The anticlimactic victory of Sanjrani, who retained his position as custodian of the Upper House, has also created a big dent in the alliance of opposition parties. Leaders of these parties are accusing each other of betrayal.

According to lists circulating on social media seven to nine of the defectors are PMLN senators and five to seven PPP senators, and two belong to the Jamiat Ulema-i-Islam (Fazal). The ruling alliance, on the other hand, claims that these senators, did not like the opposition’s joint candidate for chairman, National Party’s Hasil Bizenjo who hails from Balochistan.

Opposition parties’ leaders have accused the government of horse-trading and resolved to expose the defectors their parties. As a strategy to pre-empt defections, these parties had formed small groups comprising four to five senators. Each group was supervised by a senior senator.

"We will take strict disciplinary action against such senators and will make the names of those who sold their conscience public," Bilawal Bhutto Zardari told the media at the Parliament House.

Some senators stabbed their parties in the back, we will take them to task," he said. He added that the government had exposed itself by resort to horse-trading.

A committee, under the convener-ship of Yousaf Raza Gilani, is now trying to find out who the defecting senators were. The PML-N has formed its own committee to find the traitors, and vowed to raise its voice against horse-trading at every Senate session.

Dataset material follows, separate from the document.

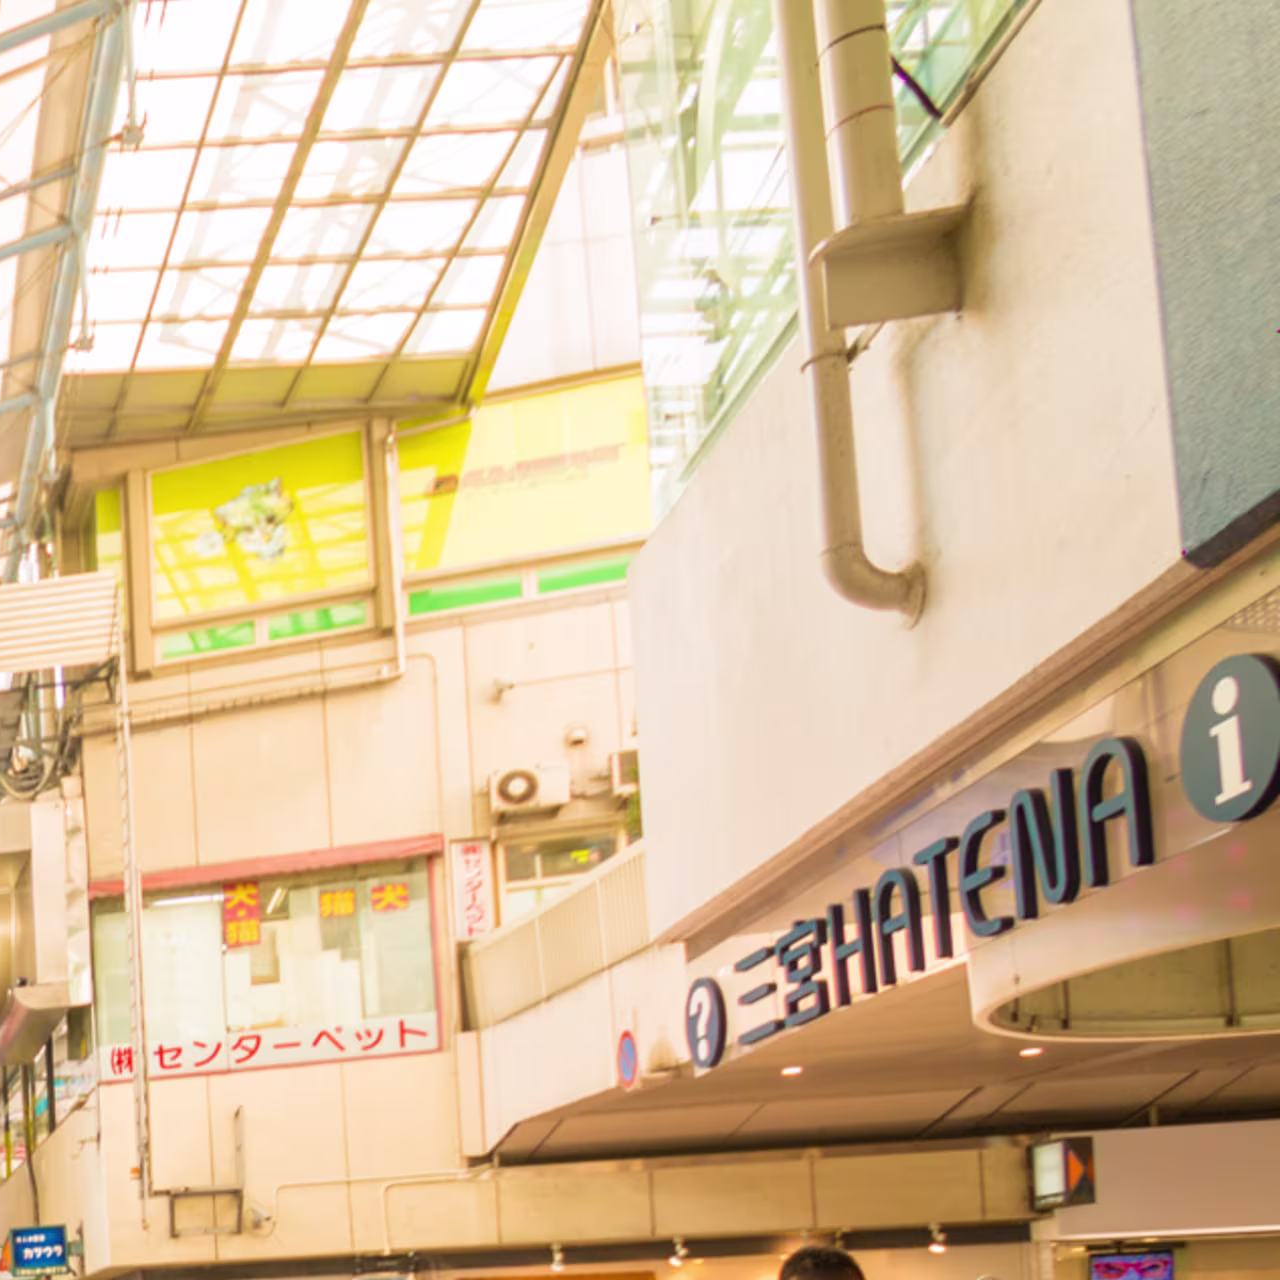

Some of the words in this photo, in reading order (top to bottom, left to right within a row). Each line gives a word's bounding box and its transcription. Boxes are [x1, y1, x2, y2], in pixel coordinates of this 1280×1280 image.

The joint opposition had moved a no-trust motion against Sanjrani after the top leadership of the two major political parties was arrested on graft charges and failed to get any relief, including release on bail, from the courts. Soon after, PPP co-chairperson Asif Ali Zardari was arrested, and PMLN leader Nawaz Sharif was denied bail and refused permission to step out of jail even on medical grounds, both parties decided to launch a movement against the government and placed the removal of Senate chairman on top of the agenda.

"There was no real alliance between the PPP and the PML-N. It was mostly expedience. They always come close when their interests converge even though there is nothing common between the two," Zahid Hussain, political analyst observes, adding, "They are not together politically as we have seen on earlier occasions including the election of prime minister."

His view is that the trust deficit between the two parties will persist. PPP, he believes, may not go beyond a certain point because the party has a huge stake as it has government in Sindh.

The federal government, understandably, feels more confident and strengthened despite being a minority in the Upper House and has entered a comfort zone at least till the next one-and-a-half year when there will be election for half the seats of Senate where it is likely that the PTI and its allies, will get majority on the basis of proportional representation in three provincial assemblies.

Last Wednesday, PPP co-chairperson Asif Ali Zardari vowed to move another no-trust motion against Sanjrani saying this time opposition would win. "Legally, the no-trust move can be moved after a period of three months. Soon after this period passes, we will move another no-trust motion against the senate chairman," he says.

"The government was not confused at all in this secret ballot vote game of the Senate. They had managed their support because opposition parties wanted to send signals beyond the house by removing Sanjrani. This could not happen," says Hussain. He expects the opposition parties’ alliance to bring about no serious change in the near future too.